Residents of California who take opioids are no doubt familiar with their effects, which include psychomotor and cognitive impairment. This is especially true for those who are treating acute injuries like burns and broken bones whereas those on a chronic, stable prescription can develop a tolerance for the drugs and not be as affected.
The fact remains, though, that many opioid users go out on the road and endanger others. In 1993, 2% of all car crash initiators had opioids in their system. In 2016, it was 7.1%. Not only that, but a recent study is associating opioid use with many fatal two-car crashes. The results were published by JAMA Network Open.
Researchers looked at thousands of fatal two-car collisions recorded in NHTSA’s Fatality Analysis Reporting System and pinpointed 1,479 drivers who tested positive for opioids. It turns out that nearly twice as many of these opioid users initiated the crash compared to other drivers: 918 versus 549. The opioids most commonly found in drivers were hydrocodone at 32%, morphine at 27%, oxycodone at 19% and methadone 14%.
Failure to stay in one’s lane was the driver error most to blame in these and other fatal two-car crashes. Incidentally, opioids cause drowsiness, which can easily lead to drivers drifting out of their lane.
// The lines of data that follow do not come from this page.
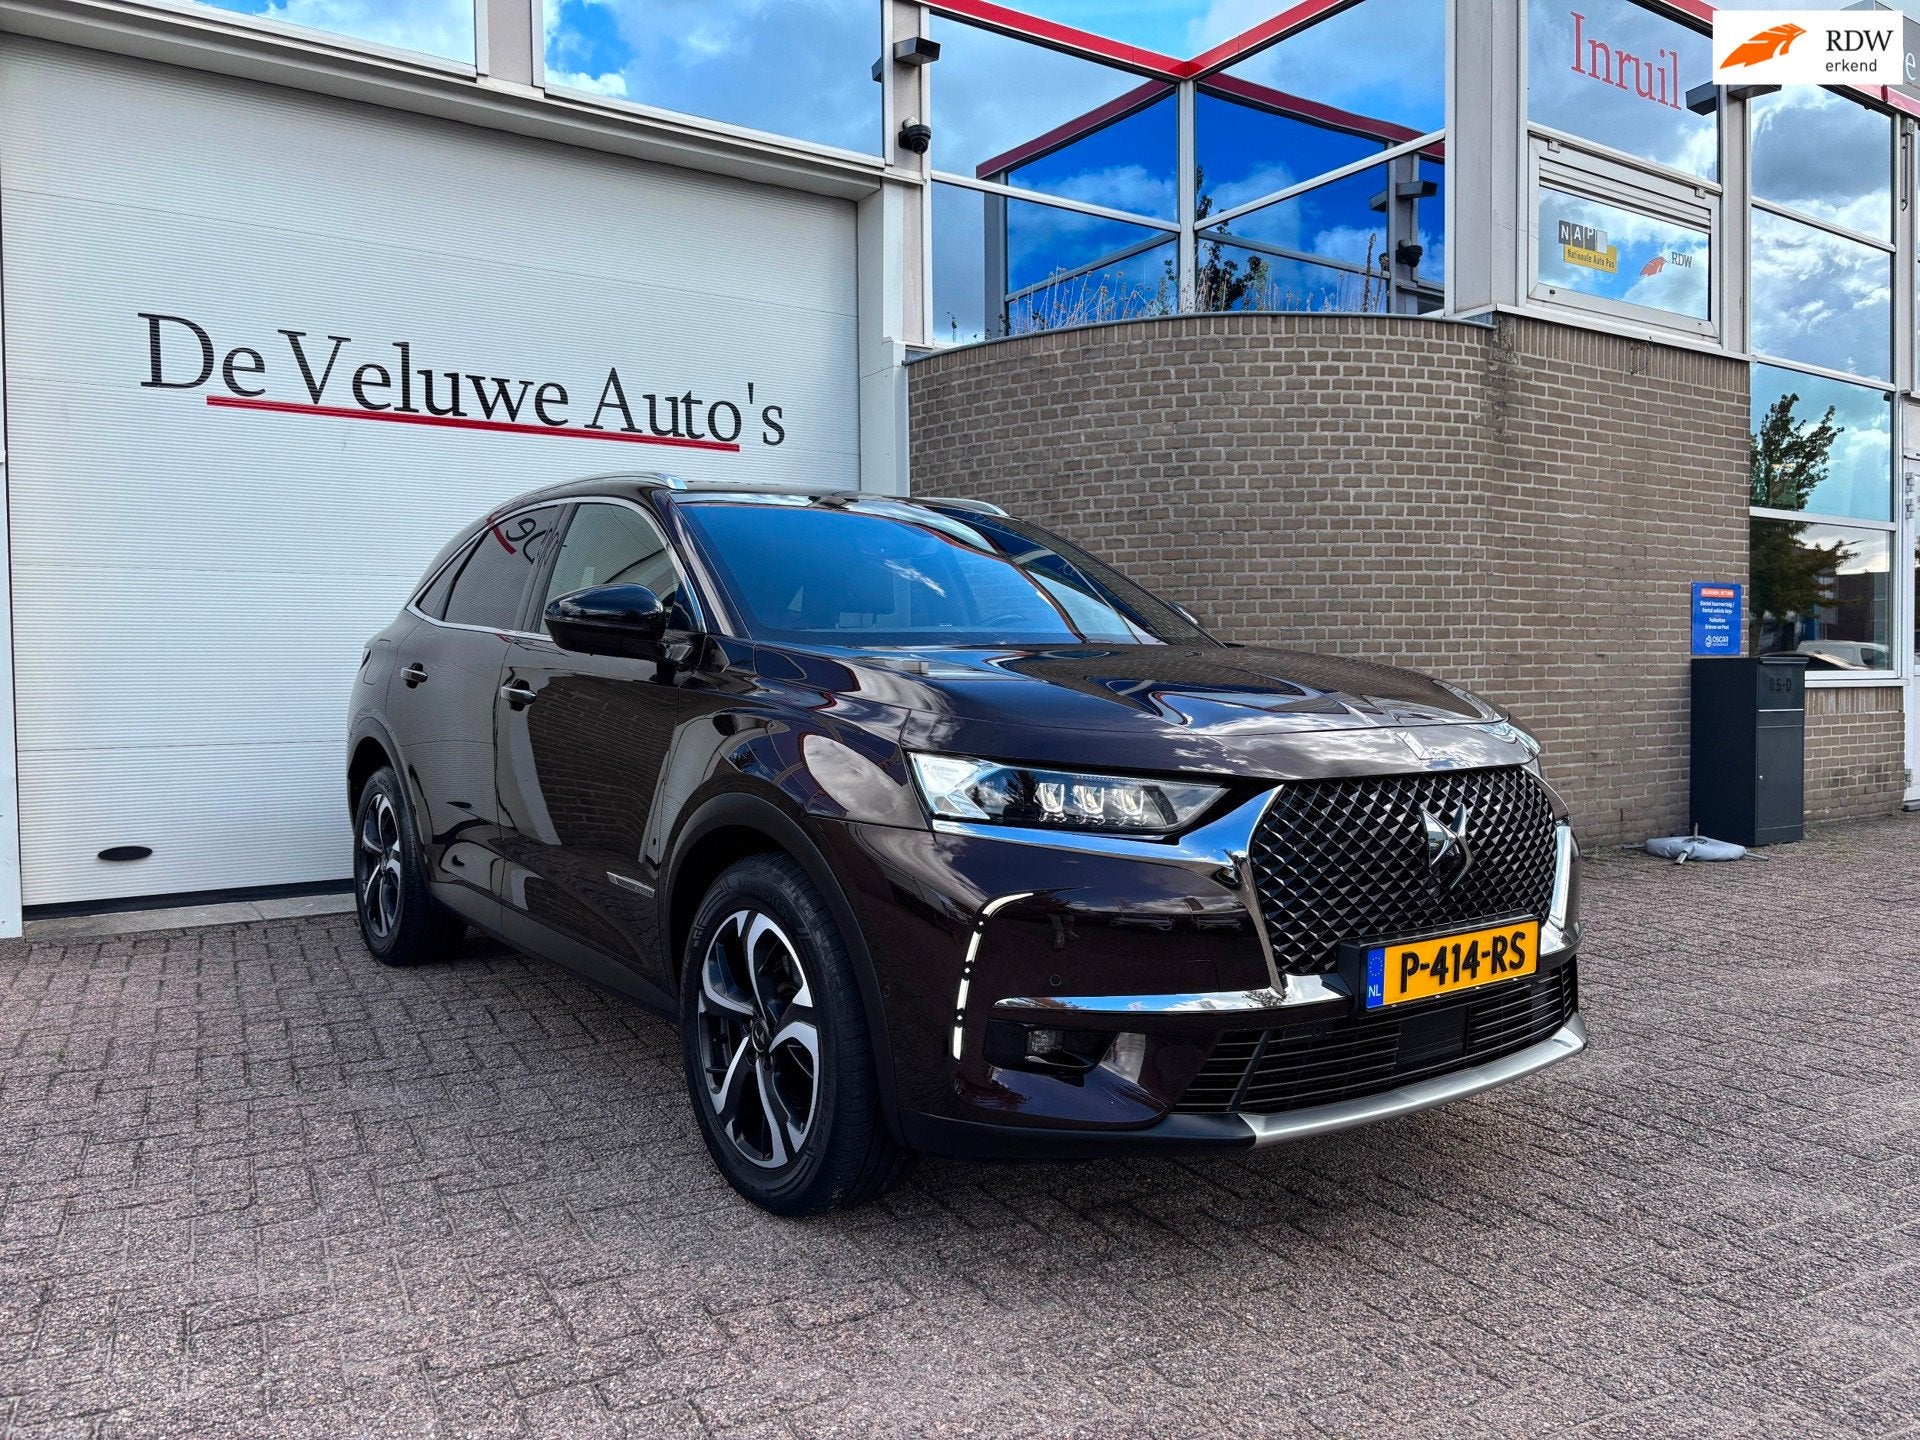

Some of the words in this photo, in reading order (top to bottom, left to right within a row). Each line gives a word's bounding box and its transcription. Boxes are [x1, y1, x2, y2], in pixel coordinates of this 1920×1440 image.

[1570, 11, 1682, 111] Inruil
[1561, 225, 1595, 241] NAP
[1567, 249, 1592, 264] Nationale
[1593, 255, 1605, 266] Auto
[1671, 251, 1693, 269] RDW
[137, 312, 267, 398] De
[277, 329, 570, 426] Veluwe
[584, 366, 786, 447] Auto's
[1712, 635, 1729, 643] OSCAR
[1400, 931, 1526, 994] P-414-RS
[1368, 984, 1382, 998] NL
Those who are injured at the hands of an opioid-using driver may have grounds for a personal injury case, but a lot depends on the proof there is of the other side’s negligence. Even with sufficient proof, victims may face strong opposition from the insurance companies. For these and other reasons, victims might want legal representation. It all starts with a case evaluation. If retained, the lawyer may handle negotiations, taking the case to court if a settlement isn’t achieved.